If you look back at the anime and manga scene in the 2010s, and the kinds of series that were popular, the vibes would feel quite different than they do now. Manga from Weekly Shonen Jump has always been popular, but the previous decade didn't have anything like the big three (Naruto, Bleach, One Piece) when it started off. It wasn't until towards the end of the decade where My Hero Academia and Jujutsu Kaisen really started to take off as the poster children for WSJ, so popular anime included titles like Konosuba, Psycho Pass, and Assassination Classroom, none of which you really hear about much anymore.
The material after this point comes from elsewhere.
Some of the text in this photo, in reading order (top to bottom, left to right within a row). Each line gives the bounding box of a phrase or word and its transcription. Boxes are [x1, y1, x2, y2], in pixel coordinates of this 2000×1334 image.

That last one, Assassination Classroom, felt like it was pretty broadly popular back in the day - what's not to love about the concept of a classroom full of teenagers being tasked with killing an anthropomorphic, goofy-as-hell, octopus person? As wacky as its concept is, it managed to deliver some emotional moments too, but the style of writing the manga and its anime adaptation had that felt more prominent in the 2010s seems to have largely been forgotten about. But Assassination Classroom is more than a decade old now, meaning one could arguably be nostalgic for it in the way someone last decade might have been for noughties anime - and if you miss that era of anime, even if it wasn't that long ago, you might want to check out The Elusive Samurai.
Last week saw the arrival of the first episode of The Elusive Samurai, an anime based on the manga of the same name, which just so happens to be from the creator of Assassination Classroom, Yusei Matsui. The manga has been in serialisation since 2021, in Weekly Shonen Jump funnily enough, but for the most part it seems to have slipped under the radar, despite being from a fairly notable artist - in the West, at least. That's probably because it's a historical series, set in 1300s Japan, and Japanese period pieces don't tend to do as well over here when it comes to manga and anime, unless there's some kind of fantasy element.
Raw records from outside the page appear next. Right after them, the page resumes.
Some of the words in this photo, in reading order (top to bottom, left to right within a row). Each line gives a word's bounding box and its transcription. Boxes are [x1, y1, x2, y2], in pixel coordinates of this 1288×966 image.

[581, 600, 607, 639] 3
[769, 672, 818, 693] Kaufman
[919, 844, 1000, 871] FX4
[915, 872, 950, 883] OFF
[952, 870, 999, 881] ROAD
It follows Hojo Tokiyuki, the air to the shogunate at the time, a young boy who avoids all of his training to be a samurai at all costs - a trait that lets him escape death when his whole family is killed (you can see where the name for the series comes from). The first episode sets all of this up, as well as introduces us, the viewer, to Suwa Yorishige, a shady priest that believes Hojo will go on to be a great hero that will save Japan. Fans of Jujutsu Kaisen will likely quickly latch on to him, as he's voiced by fan favourite Satoru Gojo voice actor Yuichi Nakamura.
I won't lie and say it's the story that immediately hooked me, because it's just the first episodes, it really was just kind of set up for the rest of the series, but that doesn't mean there wasn't anything worth getting excited about. For one, the animation was killer, pardon the pun. The direction on this first episode was really captivating, with one particular cut that switches things up between the lighthearted comedic tone to the genuinely horrible moments of violence in a seriously impressive way. You'll find a scene where Hojo's elusiveness is really put on display too, a kinetic, frenetic, and energetic sequence that brings a lot of life to what could otherwise be a dull setting.
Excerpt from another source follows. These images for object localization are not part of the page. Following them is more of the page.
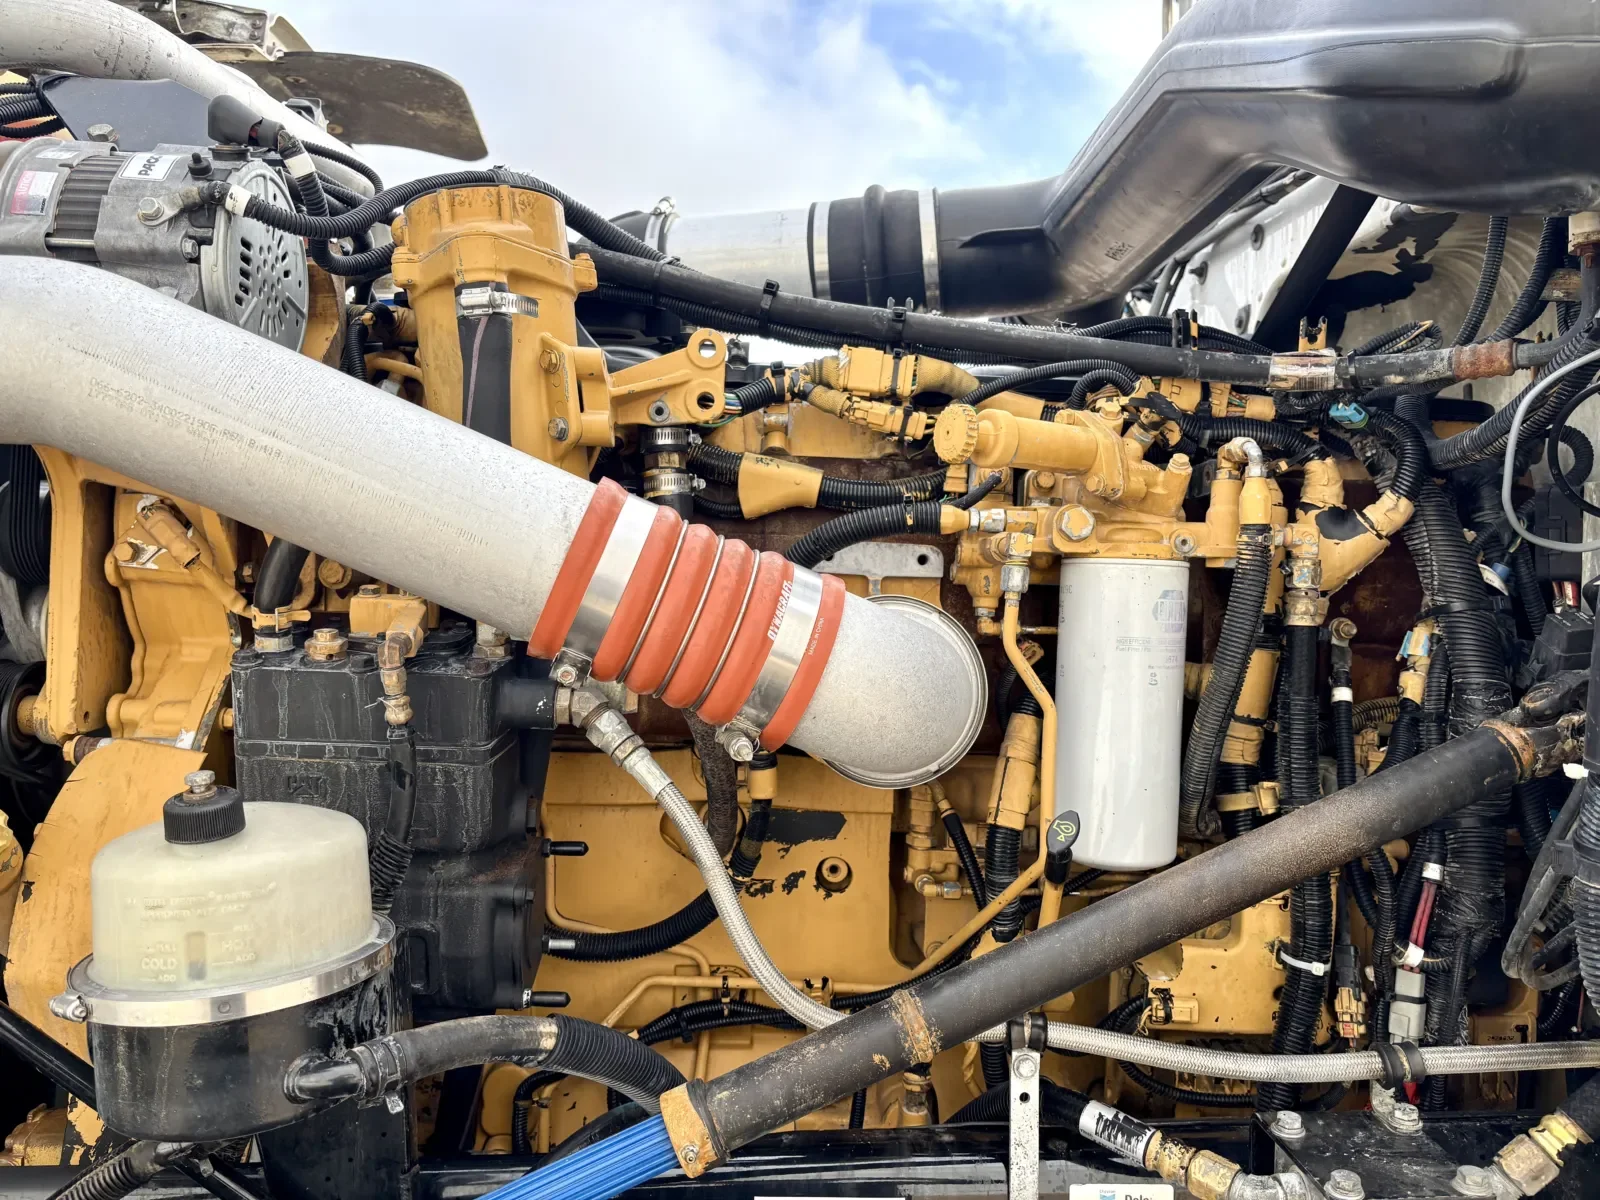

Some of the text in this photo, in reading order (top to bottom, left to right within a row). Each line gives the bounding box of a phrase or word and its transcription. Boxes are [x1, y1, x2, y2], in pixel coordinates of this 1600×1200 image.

[808, 639, 818, 656] MADE
[815, 617, 825, 633] CHINA
[285, 774, 321, 799] CAT
[221, 937, 253, 953] HOT
[141, 957, 177, 970] COLD
[235, 952, 256, 963] ADD
[158, 974, 176, 982] ADD
Coming back to that point about nostalgia, it's the humour half of the first episode that feels closer to the kind of comedy you'd see in 2010s anime and manga - exaggerated, unrealistic, scene breaking. The anime's opening is nostalgic too, slightly cheesy, not all that well song, fun enough to not be bothersome, characters dancing around in front of mostly neutral backgrounds, fun enough to not be bothersome, even if you won't add it to your playlist of "best anime OPs". It really feels like an anime you just don't get much of anymore, and while I might not be massively nostalgic for 2010s anime, it still feels refreshing to have something that doesn't feel like it has to fit into current trends.
I'm not sure where the series will go, manga readers can surely spoil that for you (behave yourselves, manga readers) but the first episode is convincing enough for me to stick with it. I'll just have to prepare myself for a talking octopus to turn up at some point, if only to be on the safe side.